Bienvenue dans l’ère de l’économie de la folie : comment les contenus absurdes sont devenus un véritable business

Bienvenue dans l'ère de l'économie de la folie : comment les contenus absurdes sont devenus un véritable business

Le phénomène des Brainrot, généré par l’intelligence artificielle, devient un véritable business. Des créateurs proposent des contenus absurdes tout en monétisant des guides et des cours sur la création de vidéos. Cependant, le succès est rare et repose sur quelques cas isolés.

D’une esthétique absurde à de véritables opportunités économiques, les Brainrot ont transformé le paysage des réseaux sociaux. Ces créations générées par l’intelligence artificielle, très populaires, attirent les créateurs qui offrent des guides et cours sur leur production. Pourtant, derrière ces vidéos divertissantes, il existe un modèle d’affaires complexe.

Le terme « brain rot » a été choisi par la Oxford University Press comme mot de l’année 2024. Il décrit les effets néfastes causés par la consommation incessante de contenus numériques peu stimulants, tout en révélant un déclin cognitif collectif. En janvier, une version italienne du phénomène a émergé, l’“Italian brain rot”, se traduisant par des créations insolites où l’IA fusionne animaux et objets étranges, devenant rapidement virales sous le hashtag #italianbrainrot.

Derrière cette tendance se cache une véritable économie créative. De nombreux créateurs ne se contentent pas de publier du contenu ; ils le monétisent. Ils vendent des guides et des tutoriels pour apprendre à créer des vidéos virales. Par exemple, des PDF à 35 euros facilitent la création d’un univers « Brainrot » sur TikTok.

Des communautés privées sur des plateformes comme Discord partagent des techniques pour engendrer des contenus « extrêmes », certains allant même jusqu’à contourner les règles des logiciels. Des créateurs, comme Fusion Boy, vendent des cours vidéos à 70 euros, générant de gros chiffres de vente quotidiennement.

L’économie des Brainrot s’étend au-delà d’internet, avec des marques ultra connues qui exploitent cette tendance. Walmart et Amazon ont collaboré pour produire des jouets basés sur cette esthétique.

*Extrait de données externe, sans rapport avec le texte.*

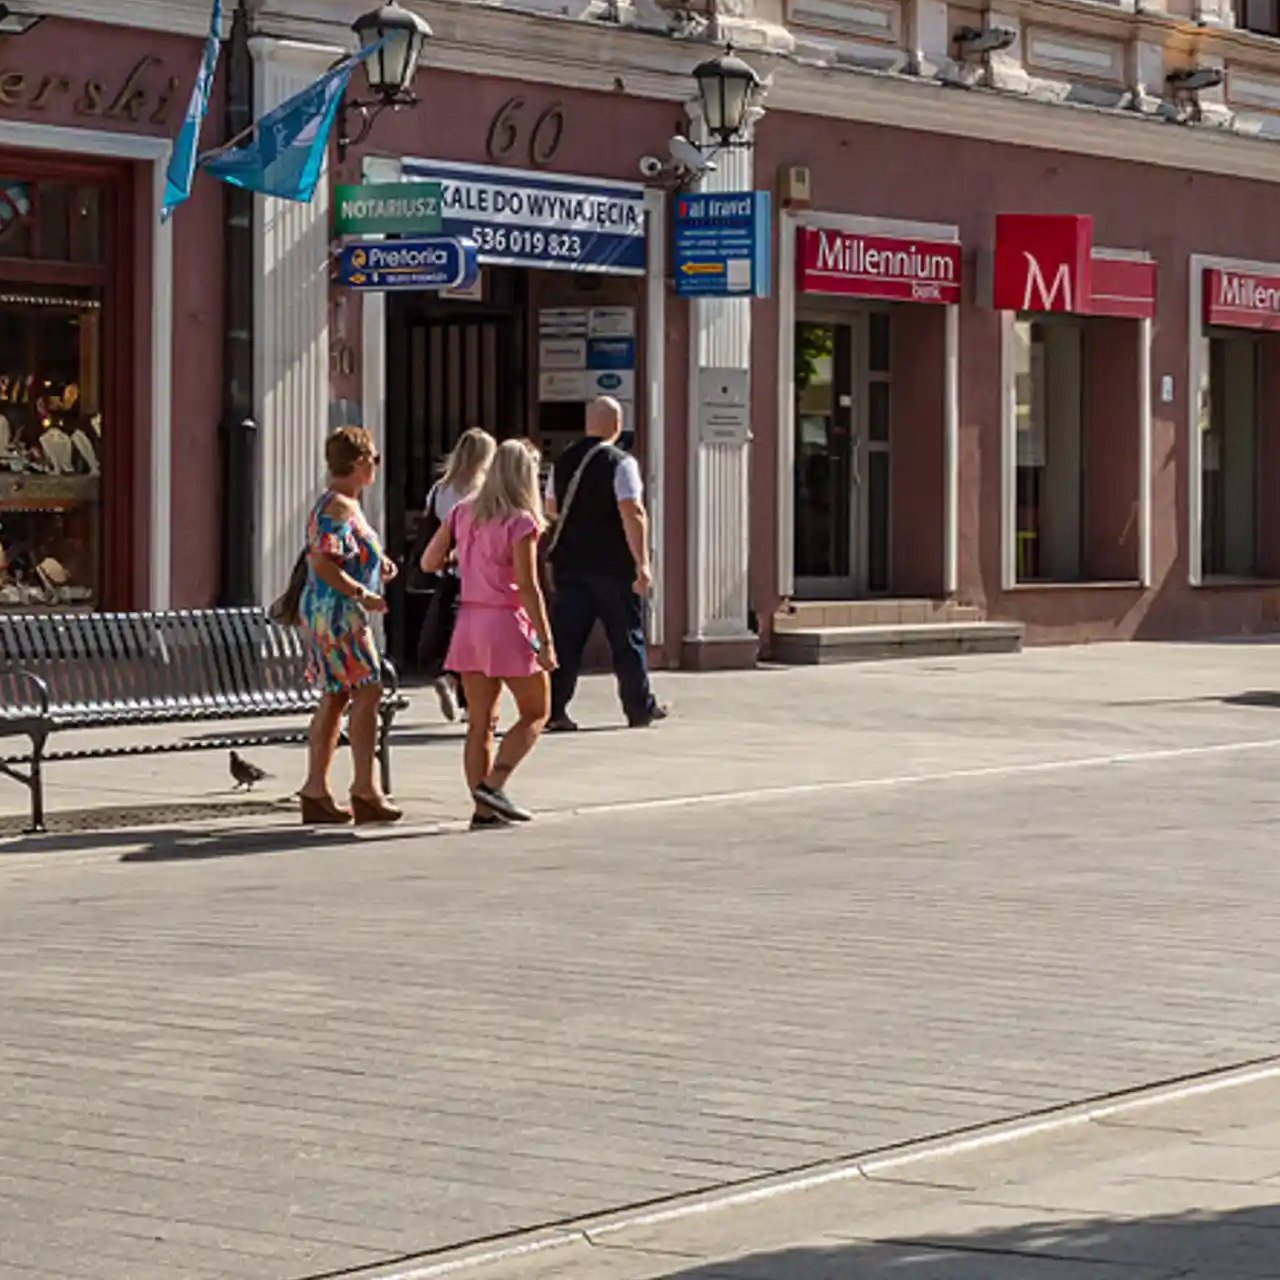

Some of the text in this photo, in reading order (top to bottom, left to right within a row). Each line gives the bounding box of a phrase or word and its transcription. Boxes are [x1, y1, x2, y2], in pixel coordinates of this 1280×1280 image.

[485, 94, 566, 165] 60
[341, 197, 438, 221] NOTARIUSZ
[493, 189, 524, 215] DO
[528, 192, 639, 229] WYNAJĘCIA
[369, 247, 448, 267] Pretoria
[472, 226, 581, 257] 536 019 823
[817, 230, 954, 280] Millennium
[1022, 251, 1072, 311] M

Selon Maggie Walsh, experte en marketing, les memes sont devenus une valeur culturelle essentielle intégrée dans les stratégies de communication des marques.

Les créateurs de contenu Brainrot se battent pour attirer l’attention, une bataille qui nécessite à la fois créativité et stratégie, visant à générer des clics et à promouvoir des marques.